By Stephanie Ornelas
Back in 2007, when director Tonya Lewis Lee was asked by the U.S. Department of Health Services to be a spokesperson for their Infant Mortality Awareness campaign, she didn’t know that the United States has an infant mortality problem. She did not know that [African American] babies die three times as much as white babies do in America.
She then had the opportunity to travel the country and learn about infant mortality in the United States, and how that impacted certain communities.
“Of course when you’re talking about an infant’s health, you’re talking about a woman’s health. And we discovered that women weren’t doing so well,” says Lee during the post-screening Q&A of her Sundance Film Festival award-winning documentary Aftershock.
“I like talking to groups of women,” she adds. “So when I was talking to a group one day, I just heard stories about a friend, a sister, a cousin who had passed away from childbirth complications.”
Lee’s research prompted her to partner with co-director and producer Paula Eiselt, and the two went on an all-out quest to create a film that would send a message to the entire country, but more specifically, the healthcare industry: Black wombs matter.
Eiselt, who drew inspiration from her own traumatic experience within the maternal healthcare system, came across countless articles exposing the U.S. maternal mortality crisis.
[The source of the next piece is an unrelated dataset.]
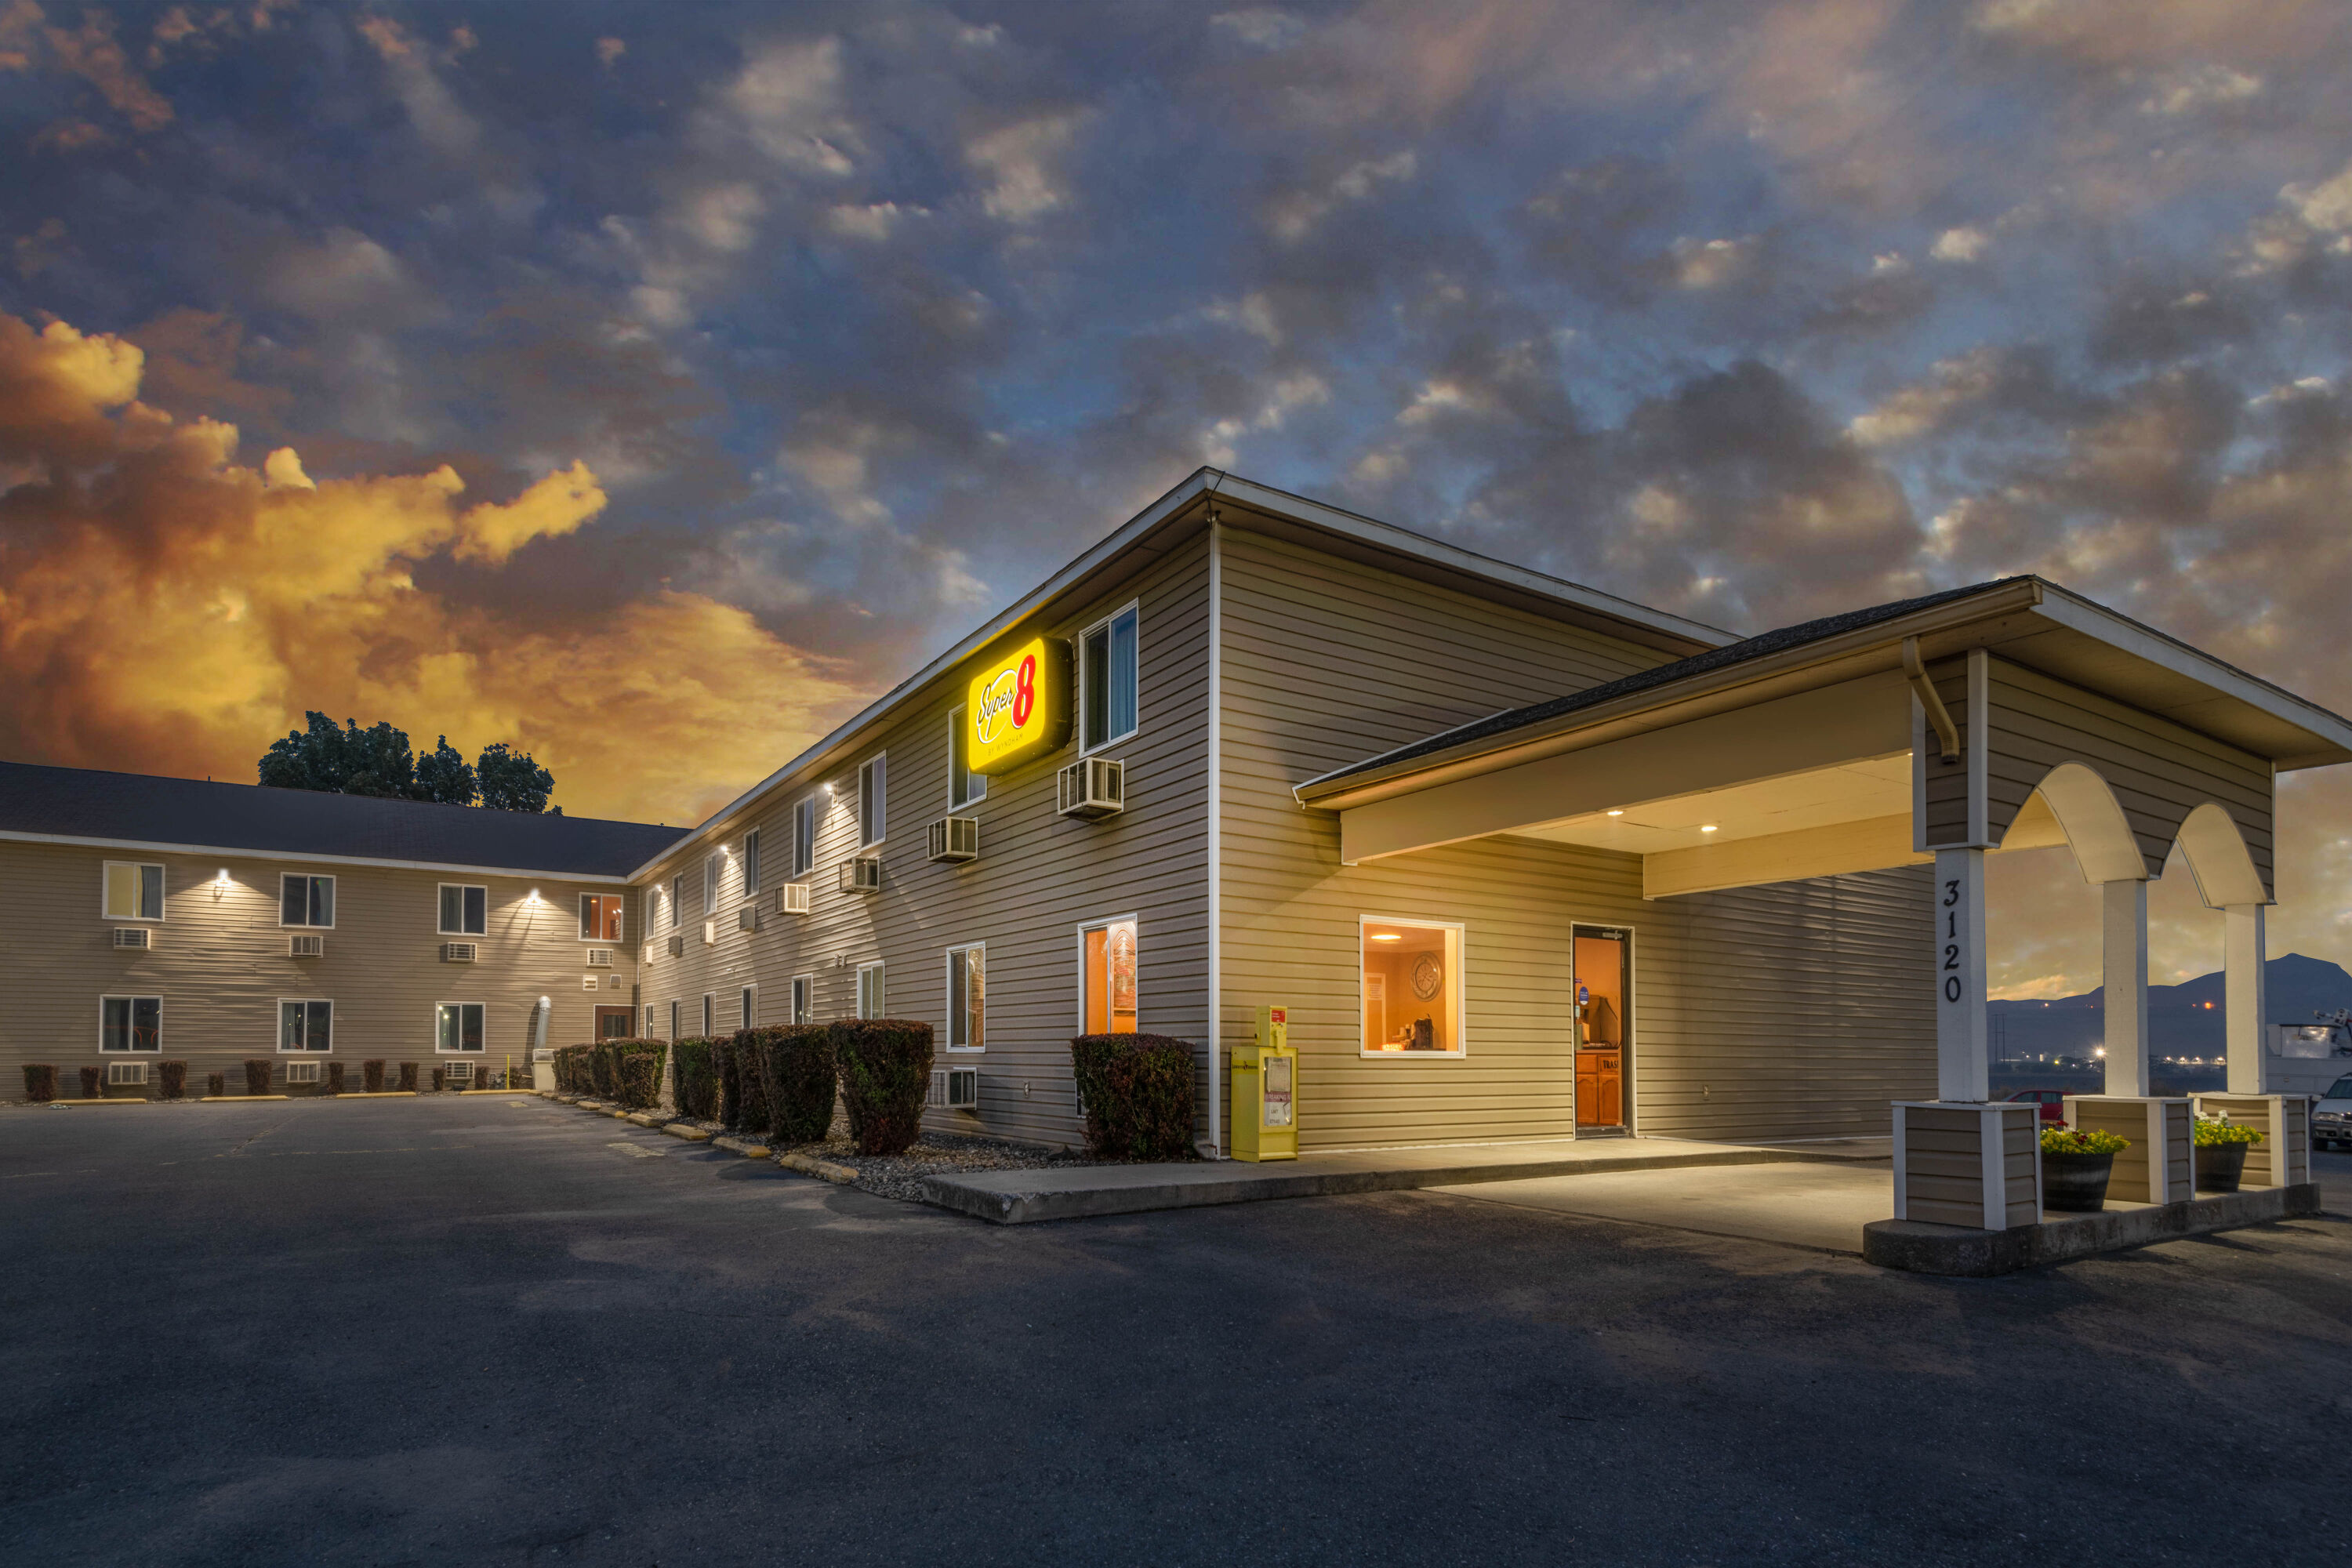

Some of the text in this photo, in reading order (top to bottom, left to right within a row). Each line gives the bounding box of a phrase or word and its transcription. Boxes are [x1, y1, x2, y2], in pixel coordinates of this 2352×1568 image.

“At that point, I realized that what I had experienced on an individual level was endemic to Black women, who would be most profoundly impacted,” says Eiselt.
“I knew that as an artist, if I wanted to help shed light on the story and the work that’s being done, centering Black women was the only way to do that. It doesn’t work any other way. But as a white person, I knew I could not tell this story alone.”
Through very intimate footage, the film takes you on an incredible and eye-opening journey through the lives of two women, Shamony Gibson and Amber Rose Isaac — vibrant mothers-to-be whose deaths due to childbirth complications were preventable. The documentary follows their families four months later, as they’re determined to sound a rallying cry around a chilling and largely ignored crisis.
The film sends an important and urgent message about systemic racism in the healthcare system as it follows Bigson and Isaac’s family four months after their deaths — their mothers working tirelessly to raise awareness, and their partners navigating this new reality as single fathers. Through their journeys, it heartbreakingly tells the stories of many other Black fathers and their families in similar positions.
“We aren’t given the latitude to operate as caucasian fathers do,” says activist Charles Johnson. “The moment I raise my voice, I’m no longer a husband who’s worried about his wife. I’m a threat.”
He continues, “There’s research from the CDC that shows that African American women with post-graduate and graduate degrees are more likely to die during childbirth than white women living below the poverty level.”
But the film also tells a story of hope, and how each conversation brings to light an issue that has been ignored by so many medical professionals for years. It shines light on the impact midwives have on Black mothers, and how birthing centers are crucial in creating a healthy bridge between hospital births and home births. The film even shows an actual home birth from start to finish, displaying comfort and warmth in an otherwise tense atmosphere.
Delivering a powerful activist speech at the end of the documentary, Lee and Eiselt send an important and necessary message to audiences: Black Wombs Matter.